> PROBLEM DETAILS:
Transcribe the data in full and exactly, omitting any pictures.

> PROVIDED INFORMATION:
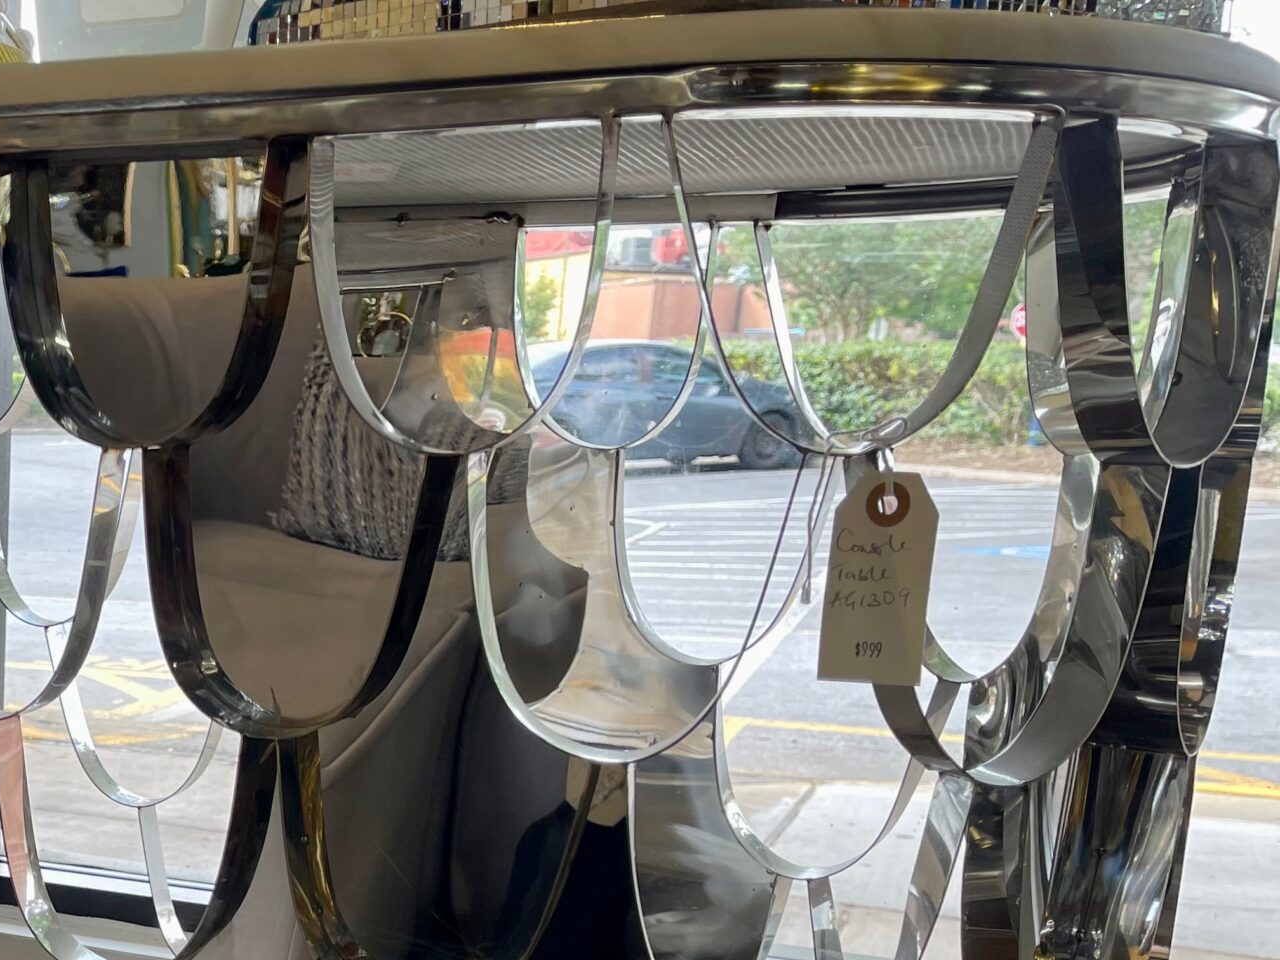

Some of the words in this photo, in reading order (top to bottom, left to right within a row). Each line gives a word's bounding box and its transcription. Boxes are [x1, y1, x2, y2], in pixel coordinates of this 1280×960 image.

[836, 528, 911, 556] Console
[831, 562, 894, 582] Table
[855, 641, 882, 658] $999
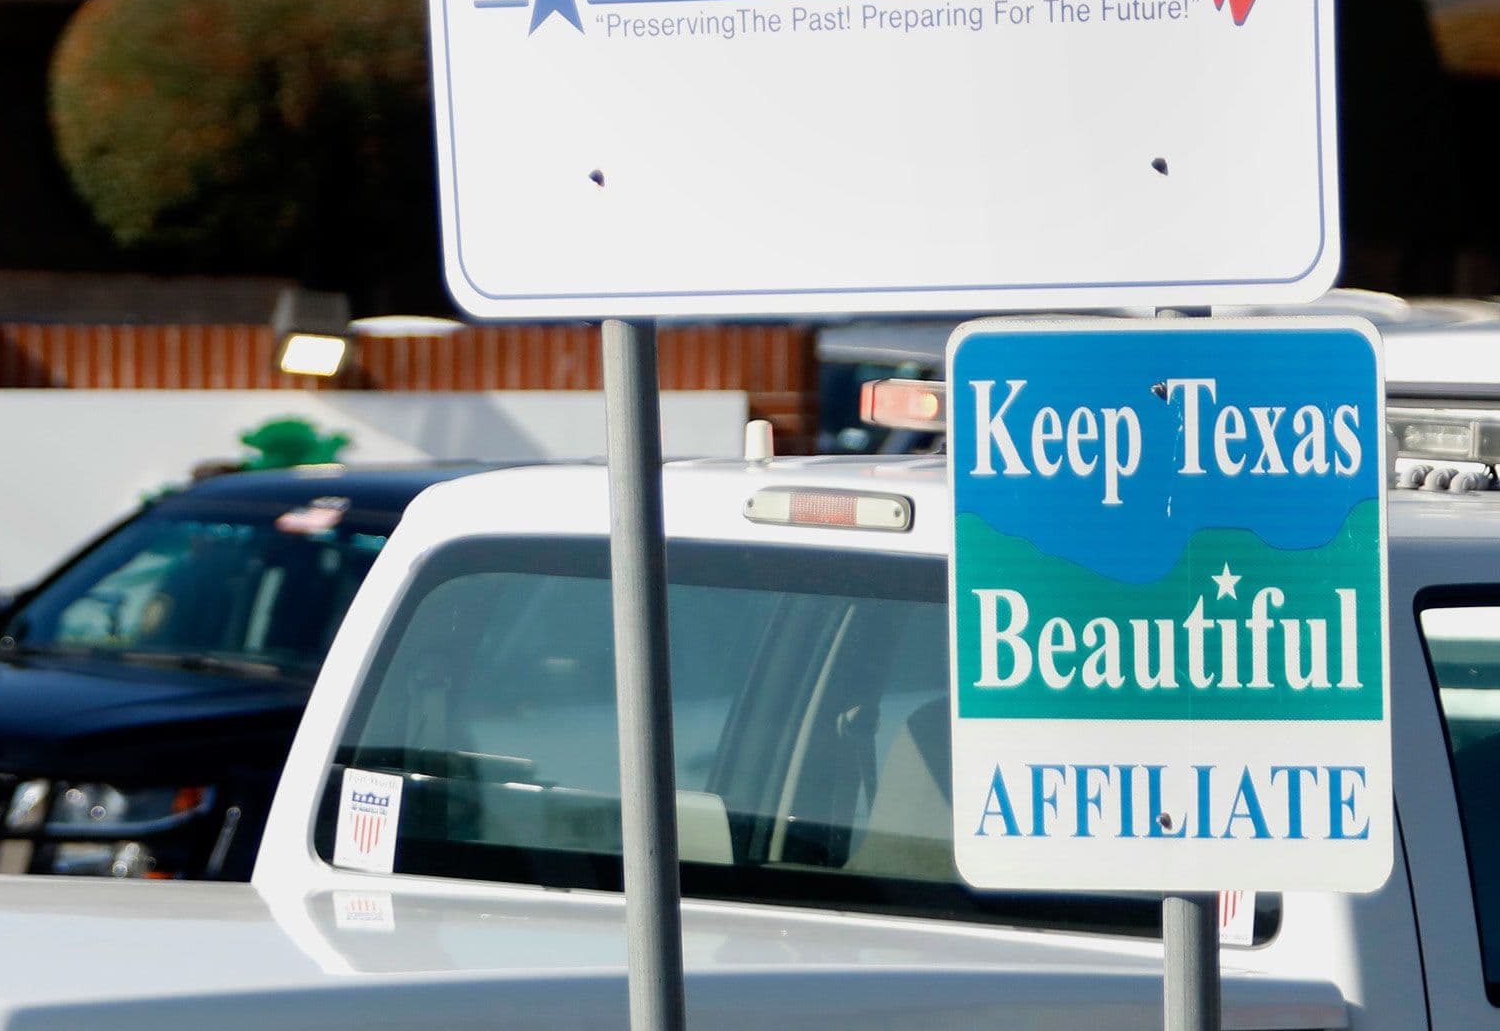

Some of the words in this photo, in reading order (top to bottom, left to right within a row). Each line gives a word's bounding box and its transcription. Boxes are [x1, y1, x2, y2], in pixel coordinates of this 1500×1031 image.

[792, 5, 851, 32] Past!
[862, 2, 983, 32] Preparing
[994, 0, 1035, 25] For
[969, 379, 1142, 505] Keep
[1166, 378, 1363, 476] Texas
[972, 581, 1364, 691] Beautiful
[974, 763, 1371, 841] AFFILIATE
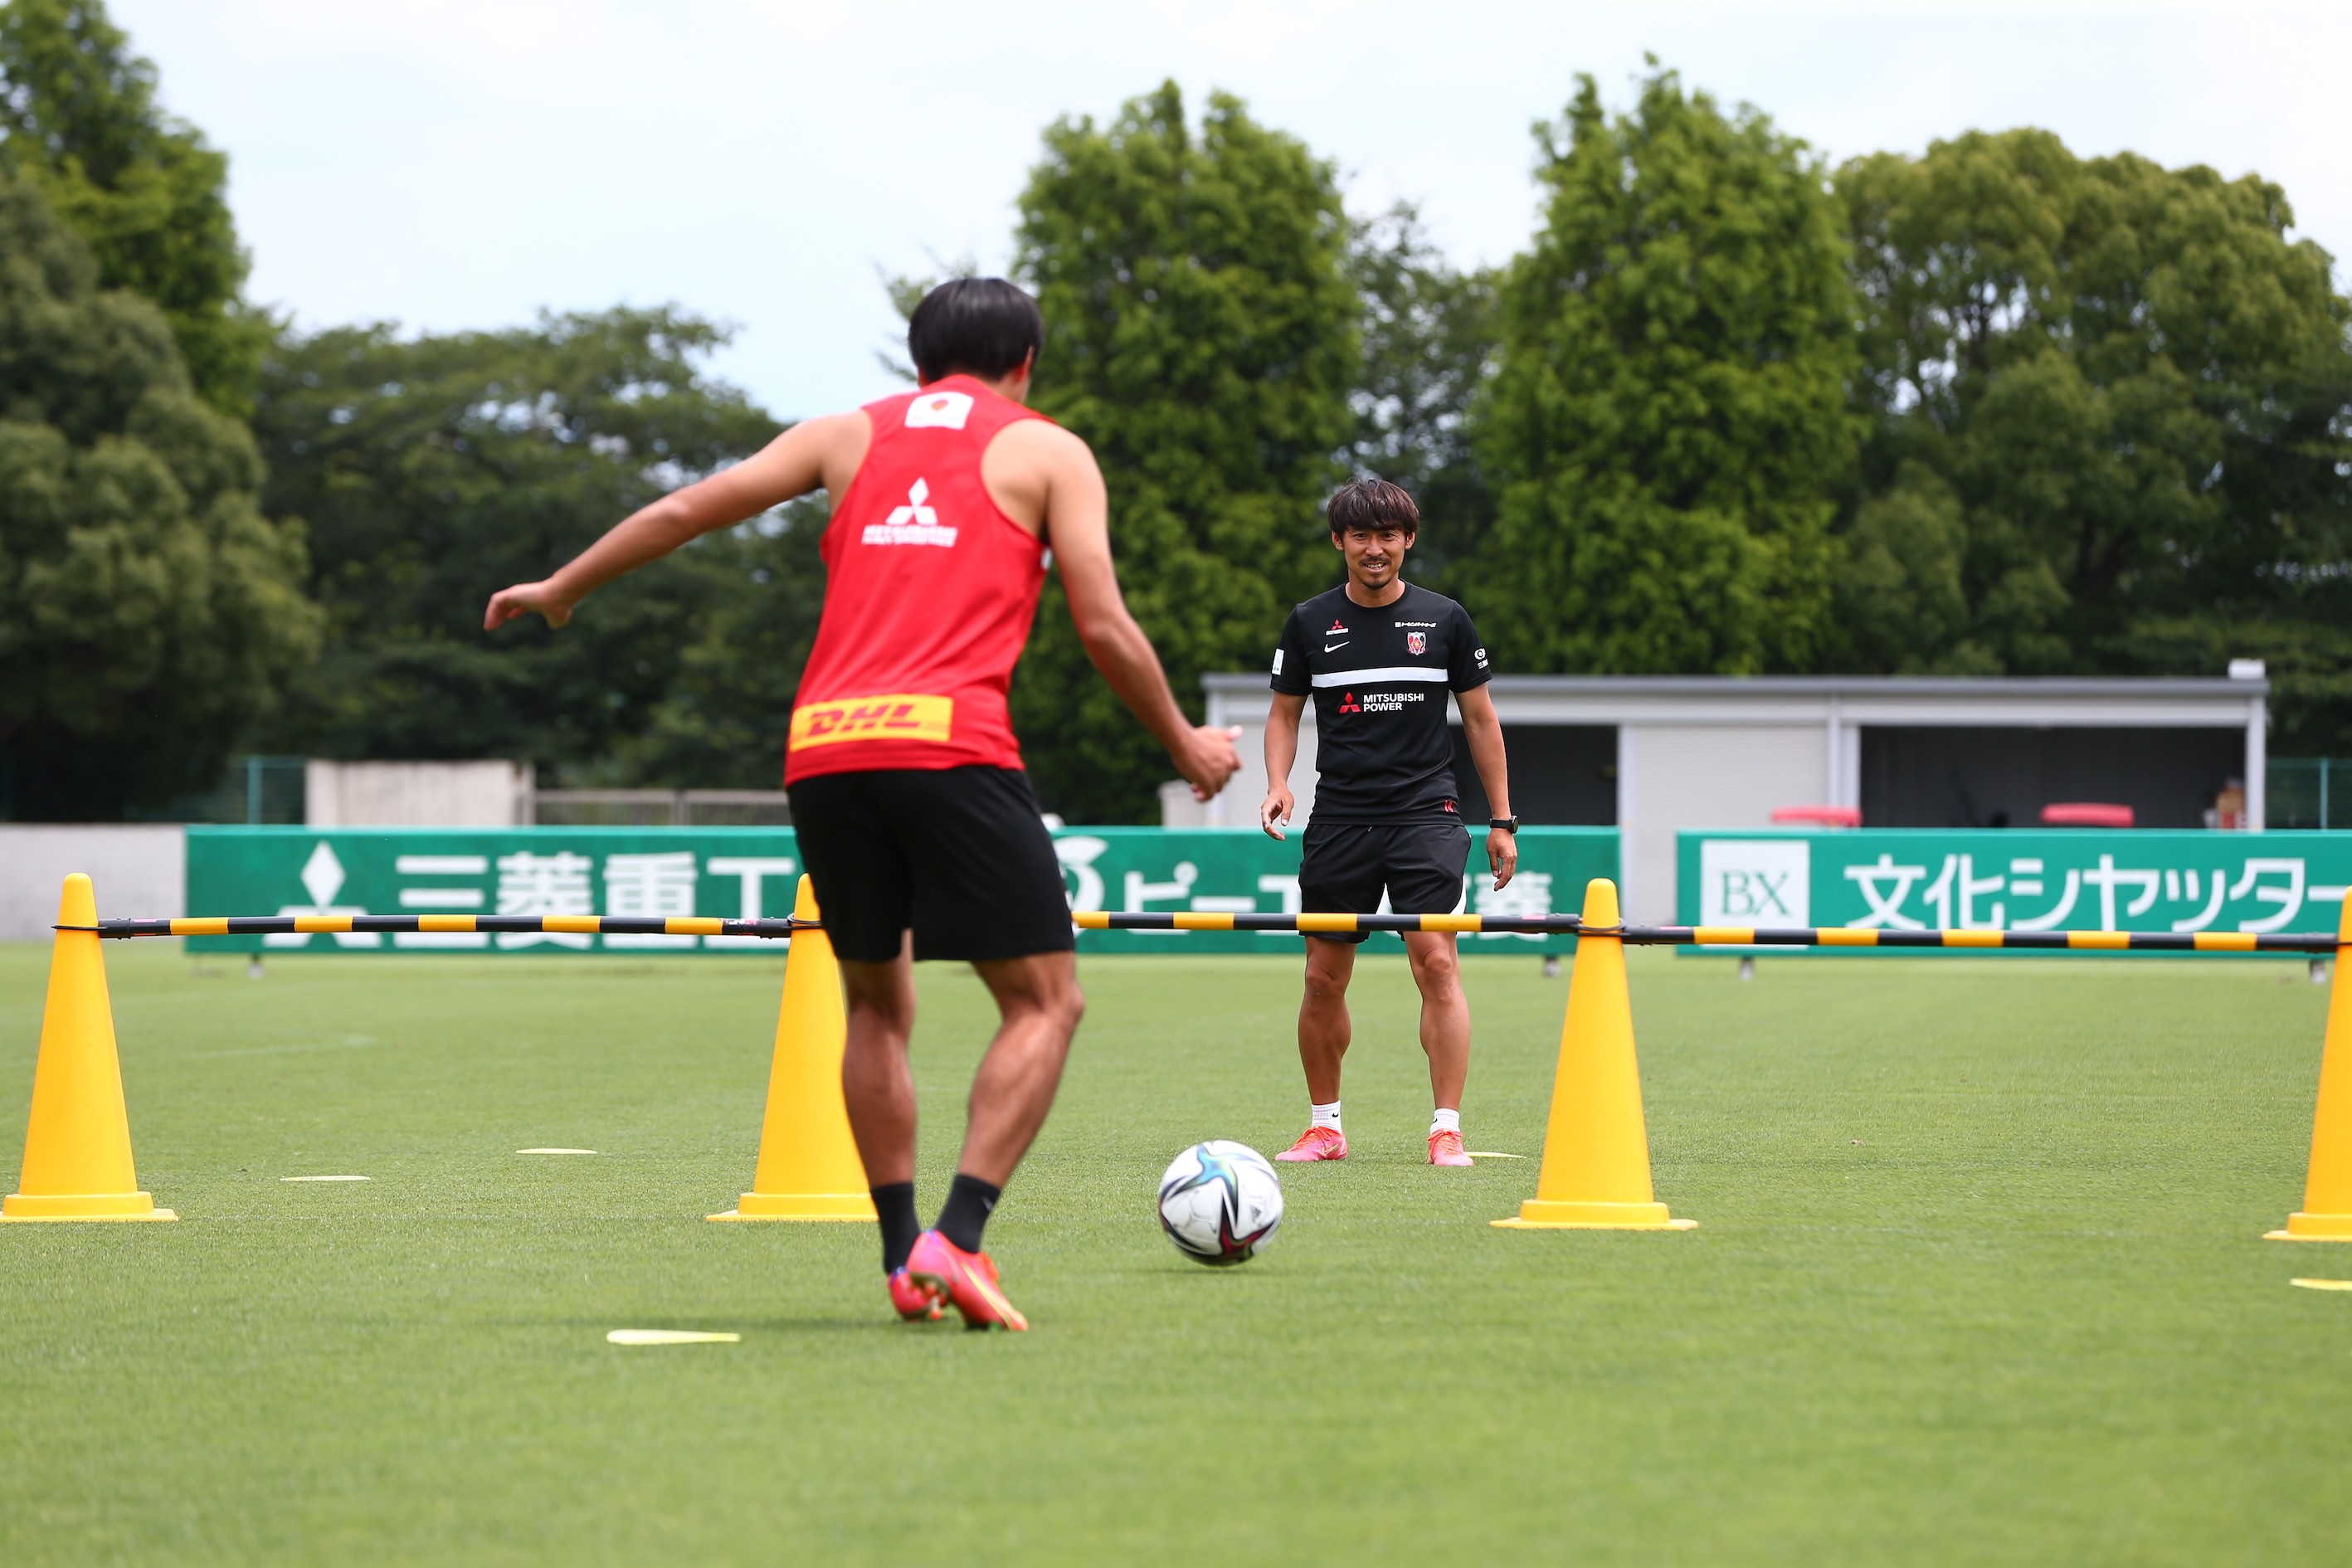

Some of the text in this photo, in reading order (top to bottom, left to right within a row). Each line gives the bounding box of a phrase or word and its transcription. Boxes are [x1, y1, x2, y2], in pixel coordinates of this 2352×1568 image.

[1363, 693, 1424, 704] MITSUBISHI
[1363, 702, 1403, 713] POWER
[807, 704, 920, 737] DHL
[394, 850, 796, 949] 三菱重工
[1720, 869, 1791, 917] BX
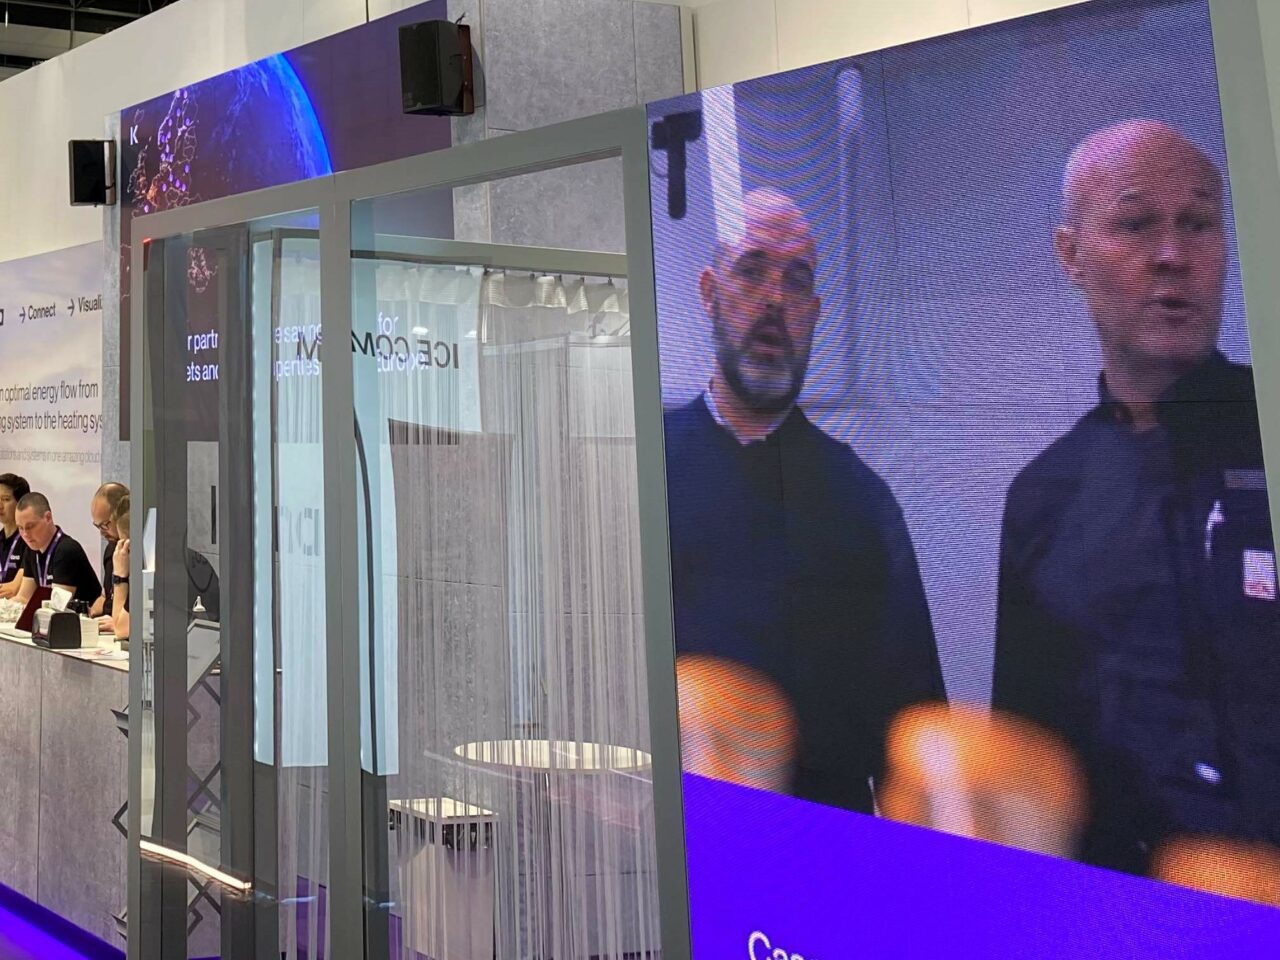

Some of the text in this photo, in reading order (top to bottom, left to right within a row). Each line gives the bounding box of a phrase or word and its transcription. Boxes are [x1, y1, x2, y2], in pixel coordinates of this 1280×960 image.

[27, 302, 57, 321] Connect
[78, 293, 102, 314] Visuali
[5, 382, 31, 404] optimal
[32, 385, 59, 404] energy
[60, 380, 78, 399] flow
[79, 378, 99, 399] from
[7, 412, 33, 433] system
[35, 411, 43, 430] to
[43, 411, 57, 430] the
[58, 410, 89, 433] heating

> EXERCISE RESULT:
Some of the words in this photo, in reading order (top to bottom, left to right within a row). Each line gives a word's bounding box and its transcription. Boxes are [x1, y1, x2, y2], in pixel coordinates of this 1280×960 image.

[836, 528, 911, 556] Console
[831, 562, 894, 582] Table
[855, 641, 882, 658] $999

Some of the words in this photo, in reading order (top to bottom, left to right within a row). Each line gives a word's bounding box and its transcription. Boxes are [x1, y1, x2, y2], in pixel coordinates of this 1500×1031 image.

[792, 5, 851, 32] Past!
[862, 2, 983, 32] Preparing
[994, 0, 1035, 25] For
[969, 379, 1142, 505] Keep
[1166, 378, 1363, 476] Texas
[972, 581, 1364, 691] Beautiful
[974, 763, 1371, 841] AFFILIATE

Some of the text in this photo, in reading order (top to bottom, left to right within a row). Each line gives the bounding box of a phrase or word and its transcription. Boxes are [x1, y1, x2, y2], in pixel coordinates of this 2352×1568 image.

[1363, 693, 1424, 704] MITSUBISHI
[1363, 702, 1403, 713] POWER
[807, 704, 920, 737] DHL
[394, 850, 796, 949] 三菱重工
[1720, 869, 1791, 917] BX

Some of the text in this photo, in reading order (top to bottom, left to right within a row). Each line gives the bounding box of a phrase or word and its transcription. Boxes are [x1, y1, x2, y2], in pixel coordinates of this 1280×960 image.

[27, 302, 57, 321] Connect
[78, 293, 102, 314] Visuali
[5, 382, 31, 404] optimal
[32, 385, 59, 404] energy
[60, 380, 78, 399] flow
[79, 378, 99, 399] from
[7, 412, 33, 433] system
[35, 411, 43, 430] to
[43, 411, 57, 430] the
[58, 410, 89, 433] heating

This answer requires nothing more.